Task to complete:
Although pictures appear in the records, the copy must leave them out and match everything else exactly.

- - - - - - -

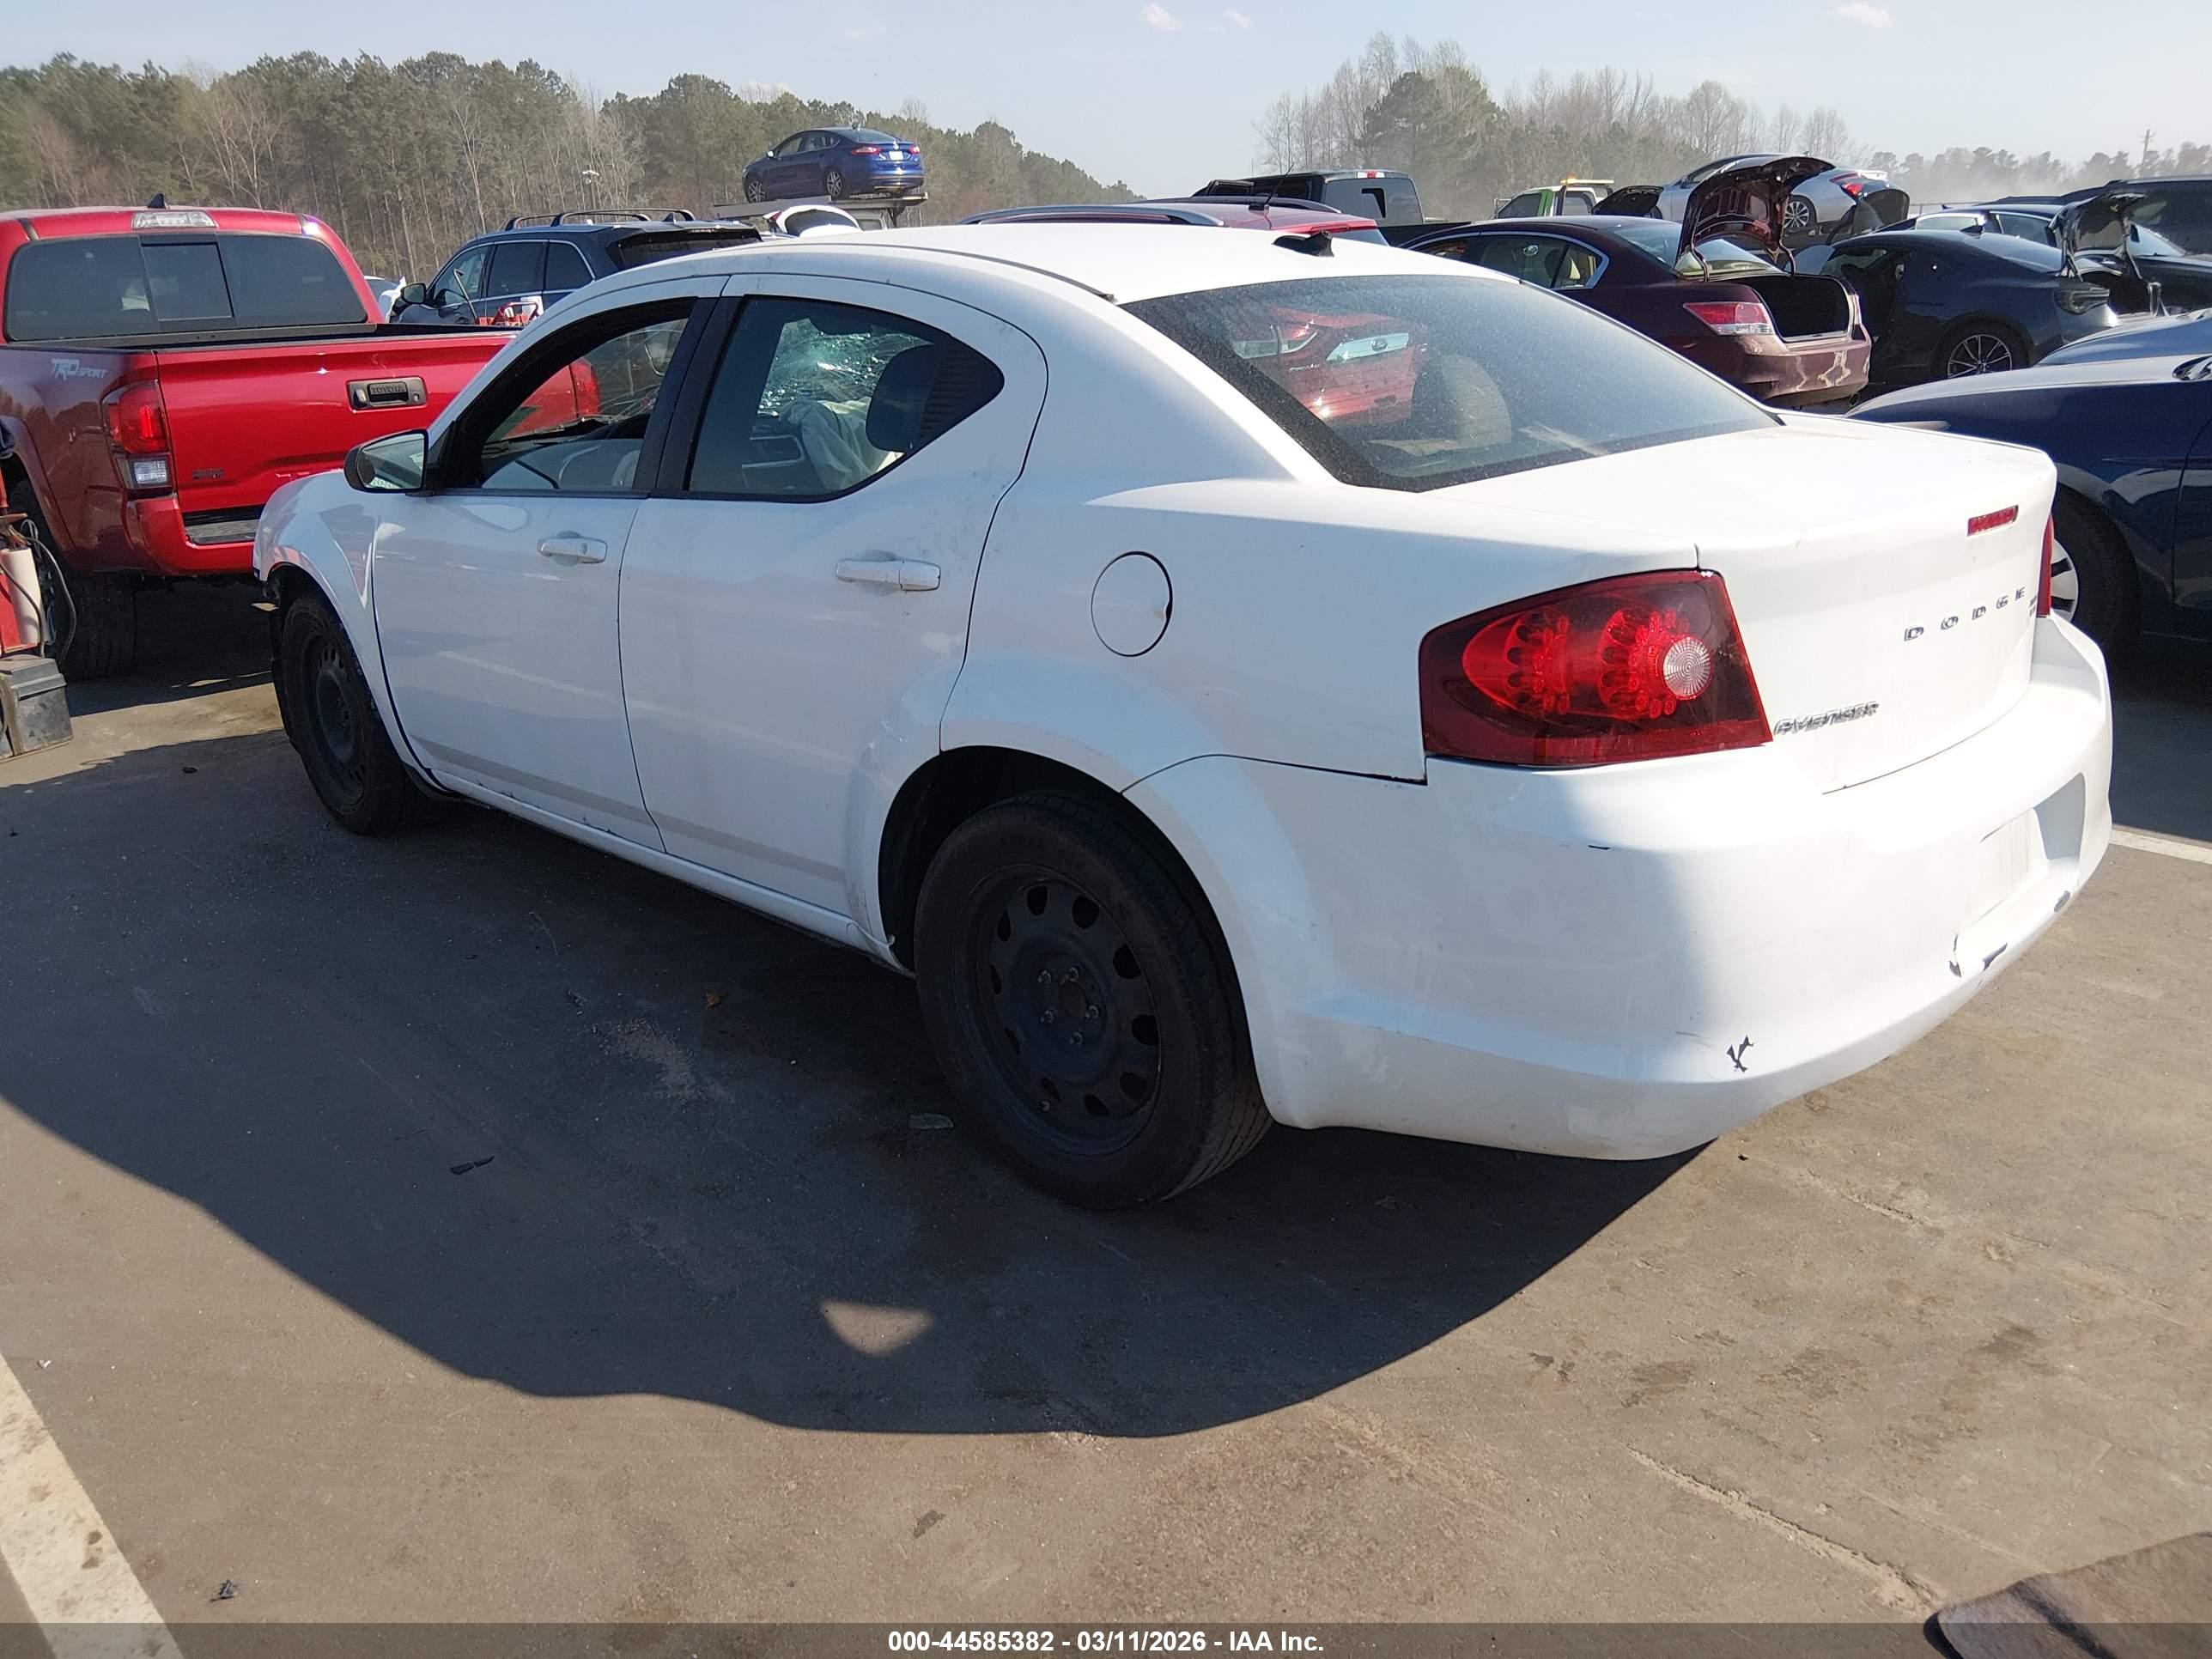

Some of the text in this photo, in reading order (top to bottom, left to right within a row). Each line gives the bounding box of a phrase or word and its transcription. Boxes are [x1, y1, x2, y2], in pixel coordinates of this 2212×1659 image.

[52, 358, 80, 380] TRD
[370, 385, 405, 394] TOYOTA
[1904, 586, 2025, 641] DODGE
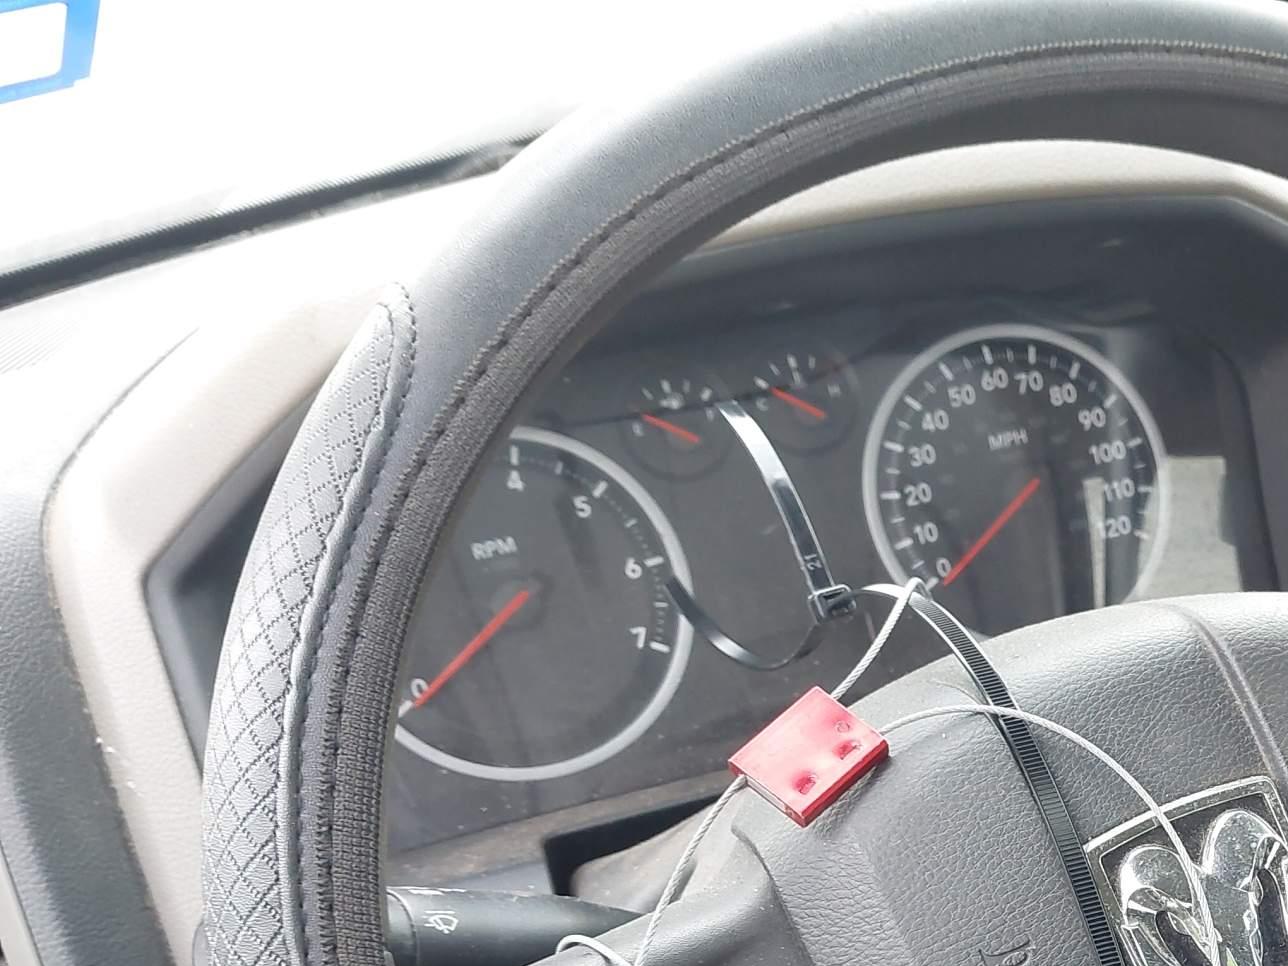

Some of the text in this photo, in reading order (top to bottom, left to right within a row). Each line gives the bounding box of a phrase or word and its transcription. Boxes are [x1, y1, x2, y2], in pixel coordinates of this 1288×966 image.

[981, 368, 1009, 391] 60
[1015, 371, 1043, 394] 70
[948, 384, 976, 407] 50
[1050, 383, 1077, 406] 80
[921, 409, 949, 431] 40
[1079, 407, 1106, 431] 90
[989, 429, 1028, 449] MPH
[910, 444, 936, 466] 30
[1089, 440, 1126, 465] 100
[507, 471, 524, 491] 4
[1104, 478, 1135, 501] 110
[904, 483, 932, 506] 20
[574, 496, 592, 518] 5
[914, 522, 938, 544] 10
[471, 536, 517, 560] RPM
[624, 558, 643, 579] 6
[936, 557, 951, 577] 0
[629, 628, 646, 649] 7
[411, 679, 429, 699] 0

- - - - - - -

Task result:
Some of the text in this photo, in reading order (top to bottom, left to right within a row). Each line gives the bounding box of a phrase or word and its transcription. Boxes are [x1, y1, x2, y2], in pixel coordinates of this 2212×1659 image.

[52, 358, 80, 380] TRD
[370, 385, 405, 394] TOYOTA
[1904, 586, 2025, 641] DODGE

Some of the text in this photo, in reading order (top to bottom, left to right within a row). Each line gives the bounding box of a phrase or word and its transcription. Boxes are [x1, y1, x2, y2], in pixel coordinates of this 1288×966 image.

[981, 368, 1009, 391] 60
[1015, 371, 1043, 394] 70
[948, 384, 976, 407] 50
[1050, 383, 1077, 406] 80
[921, 409, 949, 431] 40
[1079, 407, 1106, 431] 90
[989, 429, 1028, 449] MPH
[910, 444, 936, 466] 30
[1089, 440, 1126, 465] 100
[507, 471, 524, 491] 4
[1104, 478, 1135, 501] 110
[904, 483, 932, 506] 20
[574, 496, 592, 518] 5
[914, 522, 938, 544] 10
[471, 536, 517, 560] RPM
[624, 558, 643, 579] 6
[936, 557, 951, 577] 0
[629, 628, 646, 649] 7
[411, 679, 429, 699] 0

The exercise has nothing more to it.